Share your dilemmas and get honest opinions from other Mumsnetters.

To be hurt by how little my parents want to see me and my kids?

117 replies

Rollerdicegal · 28/11/2025 20:32

Parents live 45 minutes away and usually I make the journey to theirs. Since August, we've only seen them once. I have 2 kids aged 6 and 2 who adore them.

I keep inviting them to visit or asking if we can visit, and they always decline because they're either: doing housework, seeing friends, or dealing with my sister's severe mental health problems. They both work full time.

I'm feeling so heartbroken for my kids not having grandparents to be close to, or grandparents who want to see them. I'm surrounded by friends whose parents seem desperate to spend time with their grandkids and will make so many sacrifices to make it happen.

I'm not asking them to babysit. Me and DH have had a total of 2 date nights in the 6 years since my eldest was born. I (or DH) do all the looking after while we visit, so it's not that it's hard work for them.

AIBU to feel so sad and almost betrayed by this? It makes me want to cancel the few Xmas plans we have because I feel like maybe if I stop putting in any effort then this won't hurt me anymore. All I want is a loving family :'(

OP posts:
Abracadabra12345 · 29/11/2025 19:24

ThePeachHiker · 29/11/2025 07:15

I’ve noticed a trend amongst my friends that the people who spent a lot of time in their childhoods have distant and unloving parents. My parents farmed us out to our grandparents but have little to no interest in our children. I think it might be hard for them to know how to interact with children.

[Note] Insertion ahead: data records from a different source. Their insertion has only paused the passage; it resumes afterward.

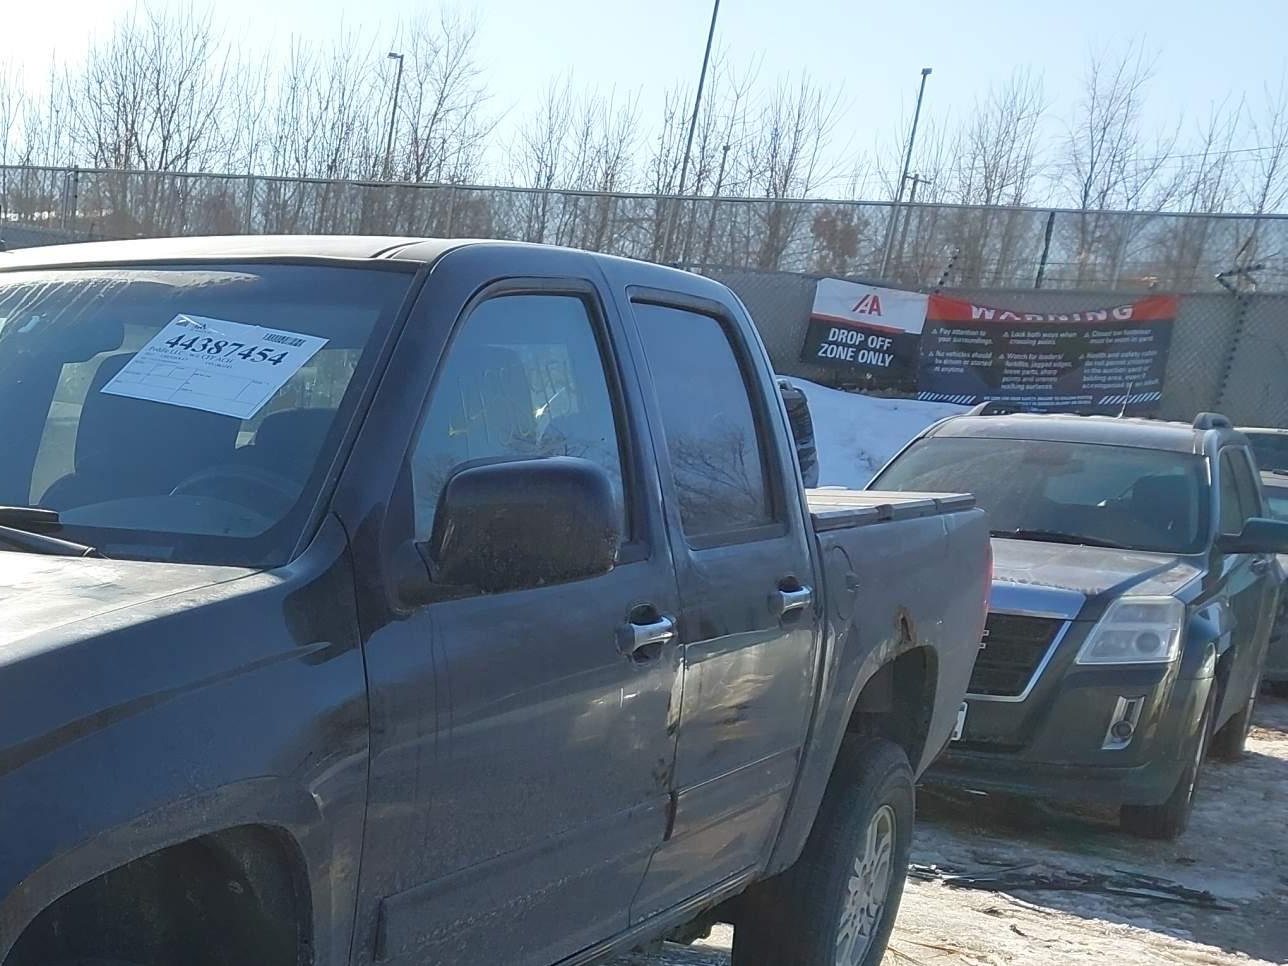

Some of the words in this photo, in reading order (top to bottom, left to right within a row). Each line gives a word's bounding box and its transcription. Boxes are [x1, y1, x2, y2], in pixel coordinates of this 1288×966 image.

[166, 334, 289, 365] 44387454
[828, 327, 865, 346] DROP
[867, 336, 893, 350] OFF
[817, 343, 857, 361] ZONE
[858, 349, 894, 367] ONLY
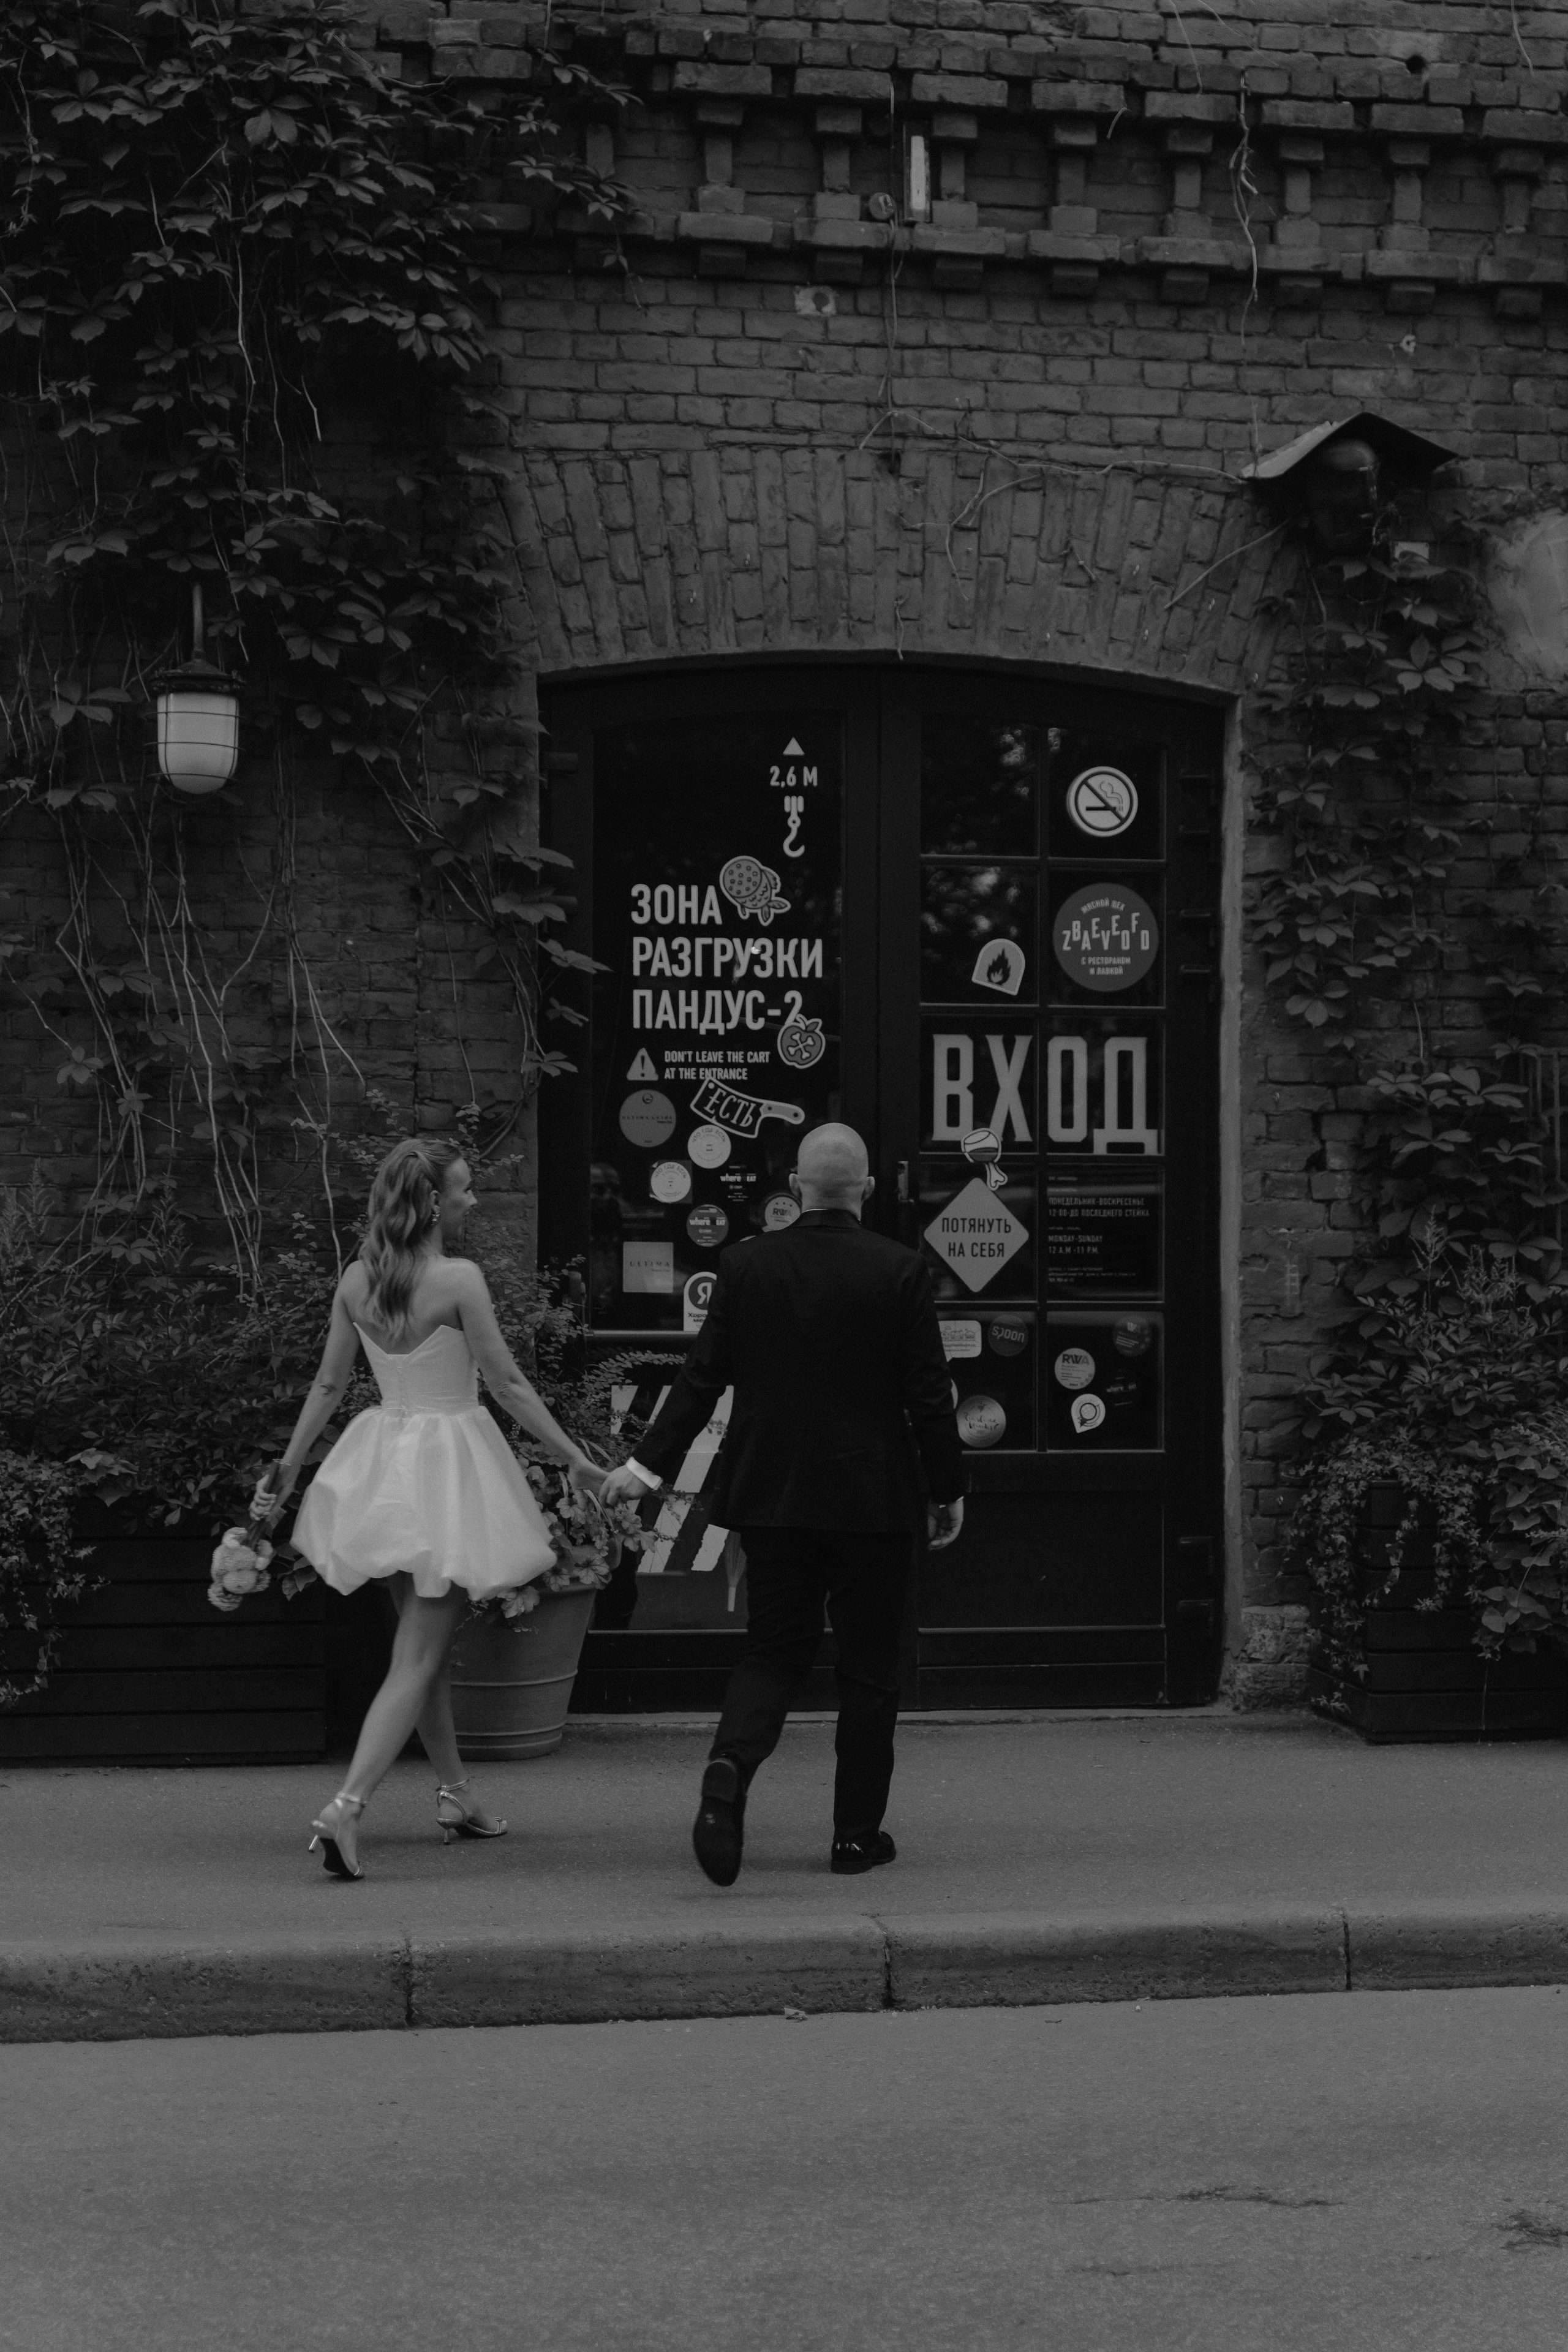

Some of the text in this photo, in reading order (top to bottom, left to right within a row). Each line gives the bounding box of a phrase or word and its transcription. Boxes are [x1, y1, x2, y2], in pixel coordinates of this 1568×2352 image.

[770, 766, 796, 788] 2,6
[631, 884, 722, 925] ЗОНА
[1080, 897, 1110, 914] МЯСНОЙ
[633, 937, 823, 978] РАЗГРУЗКИ
[1096, 965, 1123, 975] ЛАВКОЙ
[633, 989, 803, 1035] ПАНДУС-2
[665, 1050, 771, 1063] DON'T LEAVE THE CART
[664, 1068, 748, 1080] AT THE ENTRANCE
[932, 1033, 1158, 1155] ВХОД
[703, 1087, 756, 1127] ЕСТЬ
[1081, 1208, 1123, 1217] ПОСЛЕДНЕГО
[1125, 1207, 1150, 1217] СТЕЙКА
[942, 1218, 1011, 1233] ПОТЯНУТЬ
[949, 1242, 1005, 1257] НА СЕБЯ
[697, 1281, 712, 1305] Я
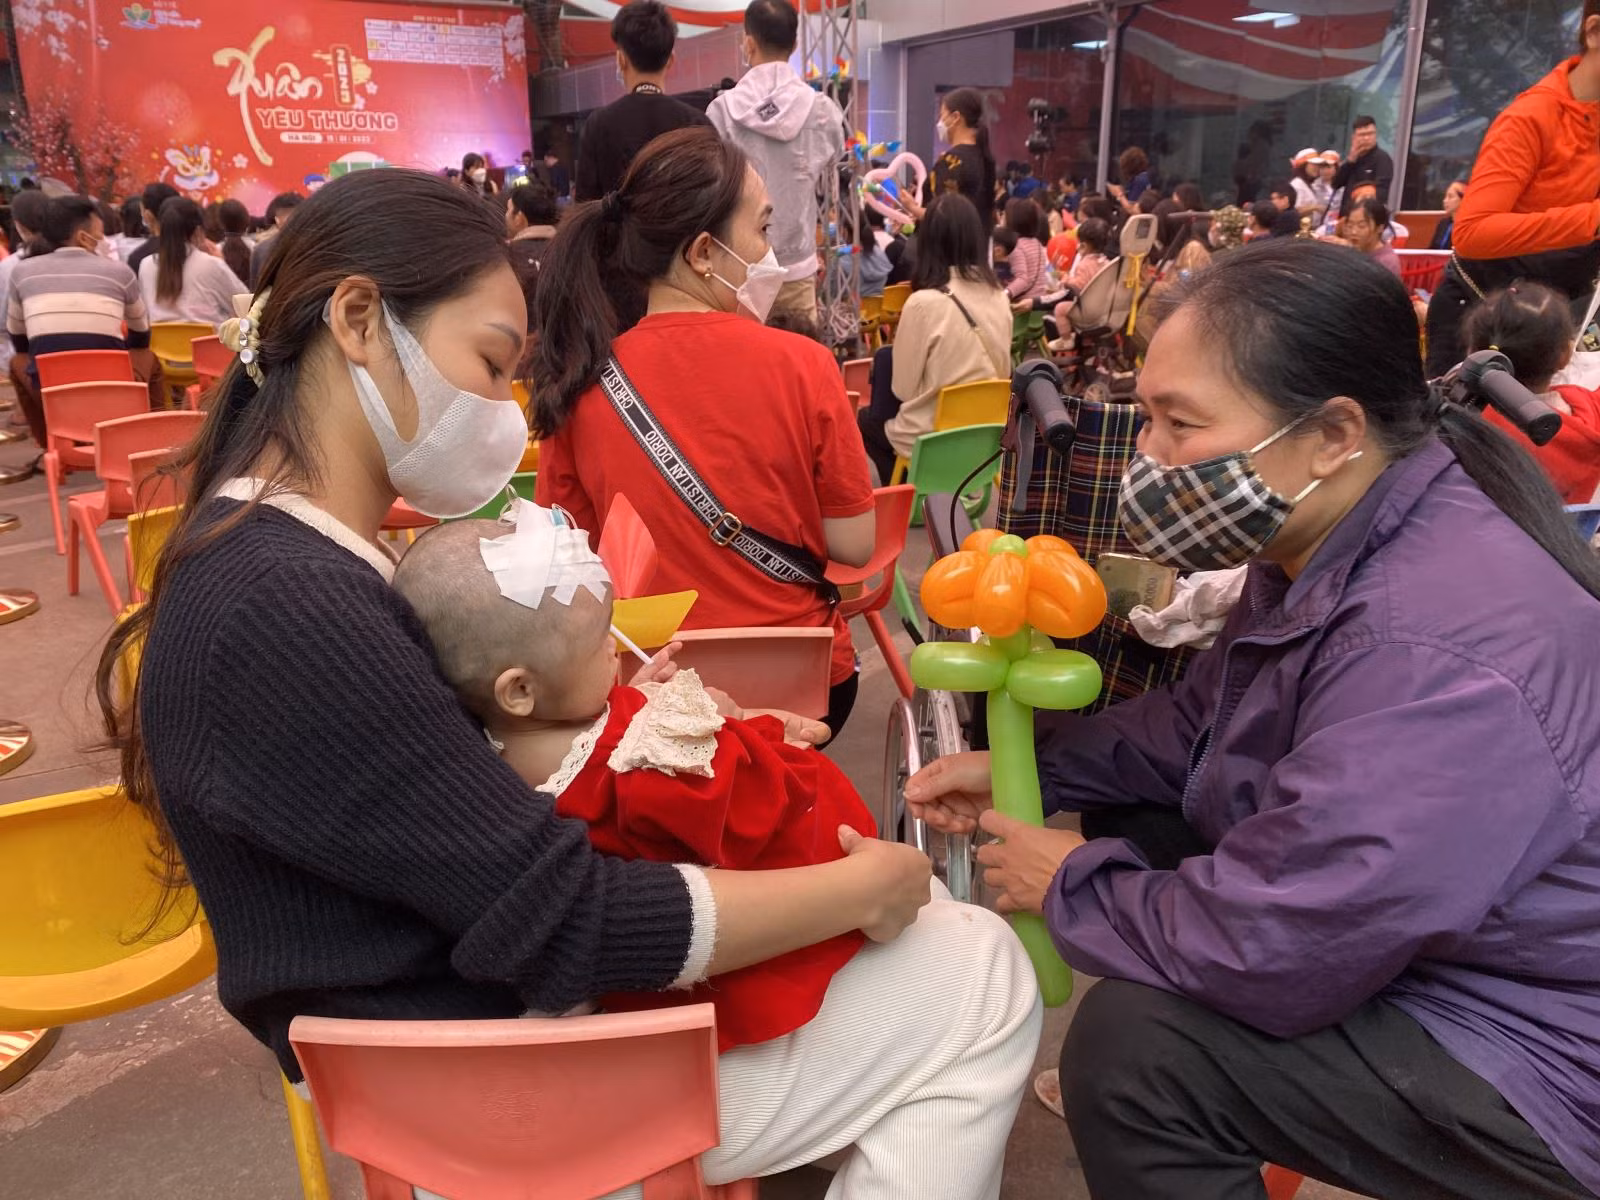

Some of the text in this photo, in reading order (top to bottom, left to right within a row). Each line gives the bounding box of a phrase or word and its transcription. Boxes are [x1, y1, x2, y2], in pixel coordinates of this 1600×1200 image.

[256, 106, 399, 132] YÊU THƯƠNG
[645, 429, 718, 520] CHRISTIAN DORIO
[734, 535, 767, 561] DORIO

Yes as soon as I saw that the OP spent a lot of time with her gp as a child, I guessed that the parents may not be naturally comfortable and enthusiastic about being around young children. There is often a connection.

Id feel hurt too and it’s exacerbated by having friends whose parents are all over the kids. But I also see the other side

sittingonabeach · 29/11/2025 19:26

@Abracadabra12345 have you read the OP’s update? Her parents are exhausted

Bilbo63 · 29/11/2025 19:26

I am 54 and shattered at weekends from working full-time in a full-on job - my job is mentally rather than physically exhausting. Very little socialising happens here at weekends - it is spent doing chores and recovering. I am not depressed or unwell - it is age. Caring for your sister - the mental load and worry - they must be shattered. I have a granddaughter - they mostly visit me - bring picky bits for lunch and stay a few hours every other weekend. Sometimes weekly. I love seeing them and will babysit when I can.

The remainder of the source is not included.